5 actions for peace by men

5 actions for peace by men

Peace Ambassadors

The peace that the world knows today may not be ideal, but is a good start compared to the two great wars of before. This form of peace that we are experiencing today is the result of actions that many men and women have taken over the years.

Whether it is by simply helping the neediest as the Prem Rawat Foundation does, or by further action such as speaking at world summits and educating world leaders like Prem Rawat does, peace is the result of a long work that each man does,

Here are 5 actions for peace by men

1. Devote your life to the fight against poverty like Mother Theresa

Religious with the sisters of Notre-Dame-de-Lorette, she left for India in 1929, where she became a teacher, before devoting her entire life to the poor and sick. She gives classes to street children, opens schools in the slums and treats the dying.

Strengthened by her media coverage, the nun who rubs shoulders with all the greatest in this world, from Lady Di to Nancy Reagan, received the Nobel Peace Prize in October 1979, which she accepted, "in the name of the poor".

2. Strongly defend human rights like Chirin Ebadi

His Nobel Prize, received in 2003, gave new light to his fight. In 1974, she was the first woman to be appointed a judge in her country, Iran. In the grip of the 1979 revolution, she was forced to leave her post but continued to campaign for the advancement of her country and for women's rights.

In 2001, two years before the award, she founded the Center for Human Rights Defenders in Tehran. Initiatives that make more than one cough in his country, especially when they are the work of a woman.

3. Defending peace from an early age like Malala Yousafzai

The story of this adolescent girl has moved the world. The 11-year-old girl made herself known by testifying to her childhood life under the Taliban in a blog published on the BBC. First under a pseudonym, her true identity will then be revealed but will lead to a tragic event. After school, Malala is the target of an assassination attempt.

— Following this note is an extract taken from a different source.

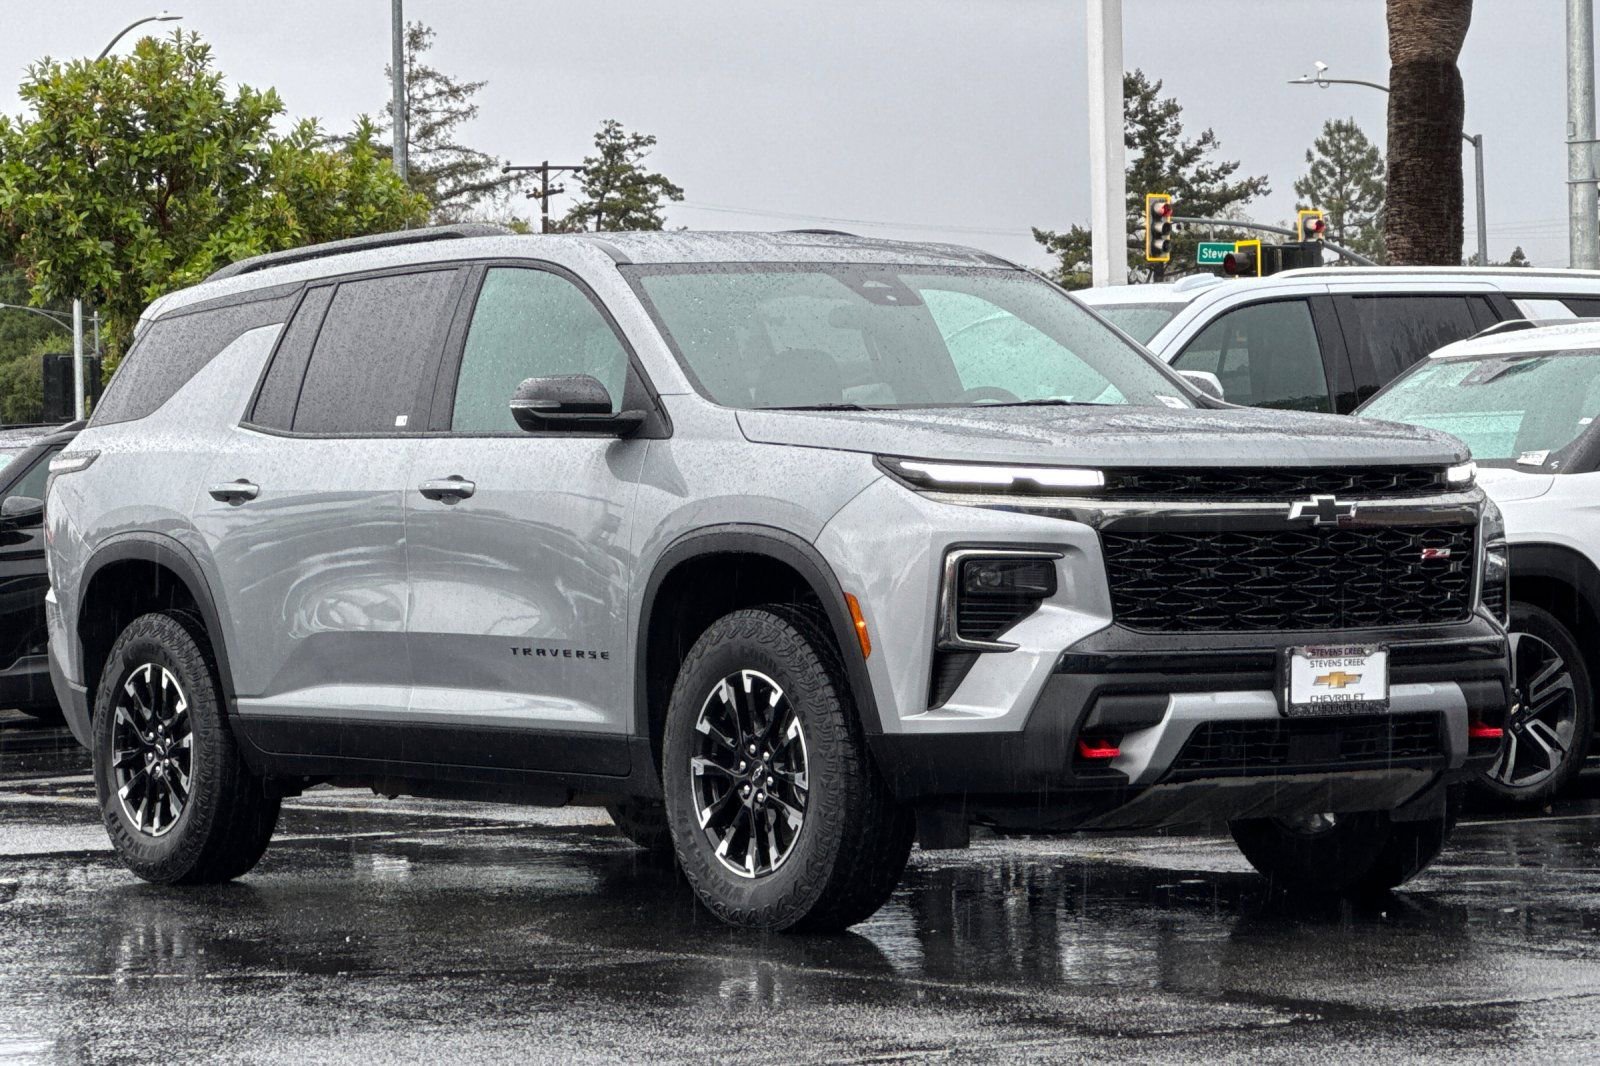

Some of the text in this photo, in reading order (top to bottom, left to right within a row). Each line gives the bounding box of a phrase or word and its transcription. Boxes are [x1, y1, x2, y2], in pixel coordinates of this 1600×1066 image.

[510, 647, 610, 660] TRAVERSE
[1311, 646, 1365, 656] STEVENS CREEK
[1310, 658, 1365, 668] STEVENS CREEK

A bullet passes through her head and neck but, plunged into a coma, the teenager survives and emerges unharmed. The media coverage of this story then enabled Malala to become a standard bearer for the right to school. On July 12, 2013, when she was only 16 years old, she appealed to the UN for education for all children.

4. Defending peace in politics like Barack Obama

In 2009, just a few months after his election, Barack Obama was awarded the Nobel Peace Prize. Not because he was the first African American in the White House, but "for his efforts to strengthen cooperation among peoples and international diplomacy," in the words of the jury in Oslo.

5. Defending peace at the cost of several years in prison like Nelson Mandela

After fighting for years against apartheid, as a lawyer or as the head of the African National Congress, Nelson Mandela was arrested in 1962 by the South African police before being sentenced to life in prison. Throughout his captivity, he refused to give up the anti-apartheid struggle but was still released after 27 years.

To close this long and silent fight, he received the Nobel Peace Prize in 1993 and the following year became the first black president of South Africa.